INSTRUCTIONS FOR THE TASK | What is needed is an exact copy of the entries below, with every picture left out.

MATERIAL PROVIDED |
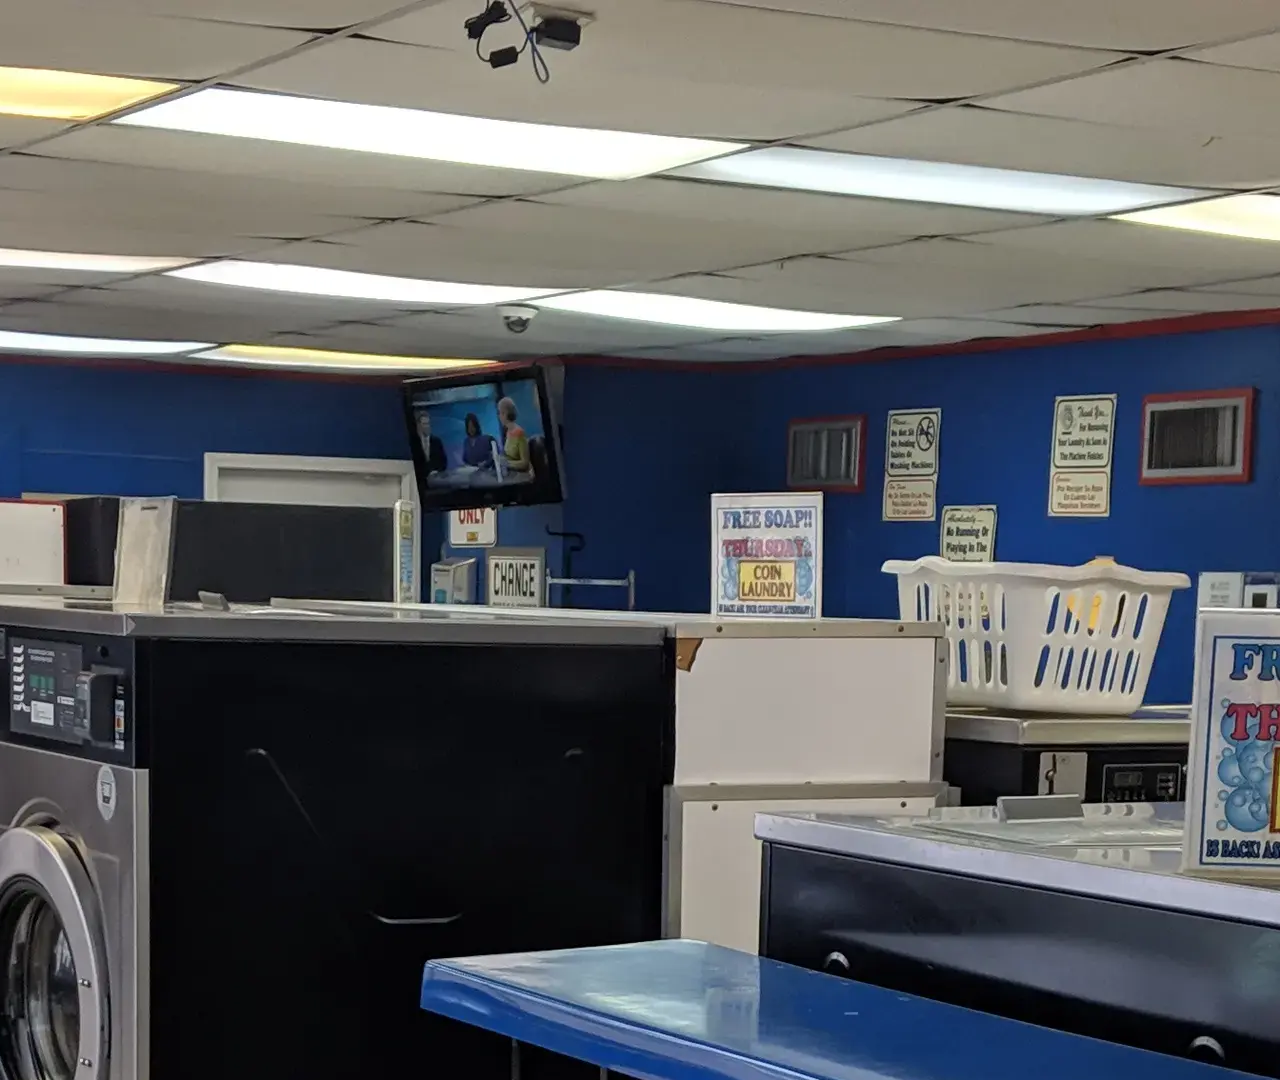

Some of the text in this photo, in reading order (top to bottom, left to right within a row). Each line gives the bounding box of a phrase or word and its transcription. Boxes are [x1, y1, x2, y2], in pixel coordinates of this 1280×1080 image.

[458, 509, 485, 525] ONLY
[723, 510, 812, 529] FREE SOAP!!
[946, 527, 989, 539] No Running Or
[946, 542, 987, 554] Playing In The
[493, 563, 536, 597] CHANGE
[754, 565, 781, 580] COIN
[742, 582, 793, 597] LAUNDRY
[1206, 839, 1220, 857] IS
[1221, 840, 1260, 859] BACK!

TASK OUTPUT |
Some of the text in this photo, in reading order (top to bottom, left to right within a row). Each line gives the bounding box of a phrase or word and its transcription. Boxes are [x1, y1, x2, y2], in pixel coordinates of this 1280×1080 image.

[458, 509, 485, 525] ONLY
[723, 510, 812, 529] FREE SOAP!!
[946, 527, 989, 539] No Running Or
[946, 542, 987, 554] Playing In The
[493, 563, 536, 597] CHANGE
[754, 565, 781, 580] COIN
[742, 582, 793, 597] LAUNDRY
[1206, 839, 1220, 857] IS
[1221, 840, 1260, 859] BACK!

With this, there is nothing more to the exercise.